Wien (OTS) - Laut Statistik Austria hat sich die Zahl der Einbürgerungen im 1. Quartal 2013 gegenüber dem Vorjahr um 11,6 % reduziert. SOS Mitmensch wertet die im europäischen Vergleich einzigartig niedrige Einbürgerungsrate in Österreich als Alarmsignal und fordert ein Ende der Nichteinbürgerungspolitik. "Es ist paradox:
eine fremdenfeindliche Politik sorgt dafür, dass es in Österreich immer mehr "Fremde" gibt.
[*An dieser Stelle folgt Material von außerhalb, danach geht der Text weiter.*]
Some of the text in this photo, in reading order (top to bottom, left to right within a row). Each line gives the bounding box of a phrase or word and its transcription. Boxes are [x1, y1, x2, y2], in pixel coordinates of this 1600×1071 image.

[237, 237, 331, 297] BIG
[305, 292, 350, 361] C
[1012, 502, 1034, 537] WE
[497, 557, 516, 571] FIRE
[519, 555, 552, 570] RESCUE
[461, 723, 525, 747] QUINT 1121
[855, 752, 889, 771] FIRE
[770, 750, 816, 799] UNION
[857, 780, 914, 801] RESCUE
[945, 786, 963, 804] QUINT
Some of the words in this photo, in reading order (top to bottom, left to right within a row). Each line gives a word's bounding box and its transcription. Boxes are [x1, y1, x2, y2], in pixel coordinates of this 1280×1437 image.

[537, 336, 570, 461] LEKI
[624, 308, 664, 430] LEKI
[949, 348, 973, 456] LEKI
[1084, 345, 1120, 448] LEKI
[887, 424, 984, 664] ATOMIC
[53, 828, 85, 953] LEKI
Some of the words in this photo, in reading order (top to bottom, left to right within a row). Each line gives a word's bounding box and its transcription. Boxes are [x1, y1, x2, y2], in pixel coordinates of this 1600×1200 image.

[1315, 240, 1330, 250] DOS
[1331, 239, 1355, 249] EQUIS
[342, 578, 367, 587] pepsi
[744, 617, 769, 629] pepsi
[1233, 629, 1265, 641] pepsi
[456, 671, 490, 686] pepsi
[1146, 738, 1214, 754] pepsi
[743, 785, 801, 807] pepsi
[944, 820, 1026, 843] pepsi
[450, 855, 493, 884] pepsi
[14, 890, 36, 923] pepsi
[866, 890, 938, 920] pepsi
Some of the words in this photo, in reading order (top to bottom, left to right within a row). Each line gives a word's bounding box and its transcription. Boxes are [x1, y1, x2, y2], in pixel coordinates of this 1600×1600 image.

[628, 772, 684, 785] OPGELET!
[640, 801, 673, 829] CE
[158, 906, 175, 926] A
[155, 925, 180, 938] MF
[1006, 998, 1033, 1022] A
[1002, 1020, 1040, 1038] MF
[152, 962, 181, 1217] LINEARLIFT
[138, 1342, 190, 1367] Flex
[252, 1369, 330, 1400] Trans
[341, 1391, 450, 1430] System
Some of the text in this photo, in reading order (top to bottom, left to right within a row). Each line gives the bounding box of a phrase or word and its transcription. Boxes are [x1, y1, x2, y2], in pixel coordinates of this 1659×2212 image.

Noch paradoxer ist nur, dass sich der für Integration zuständige Staatssekretär dafür stark macht, dass das auch weiterhin so bleibt", kritisiert Alexander Pollak, Sprecher von SOS Mitmensch die geplante Staatsbürgerschaftsnovelle. "In ihrer jetzigen Form stellt die Novelle nur in Randbereichen eine Verbesserung dar. Im Kern verfestigt sie sogar den Ausschluss vieler Mitmenschen von wichtigen Grundrechten. Der Schaden, der dadurch an unserer Gesellschaft und der Zukunft unserer Demokratie angerichtet wird, ist enorm. Wir fordern eine politische Schubumkehr: Menschen, die hier geboren oder aufgewachsen sind oder schon lange hier leben, sollen endlich ohne Schikanen eingebürgert werden können."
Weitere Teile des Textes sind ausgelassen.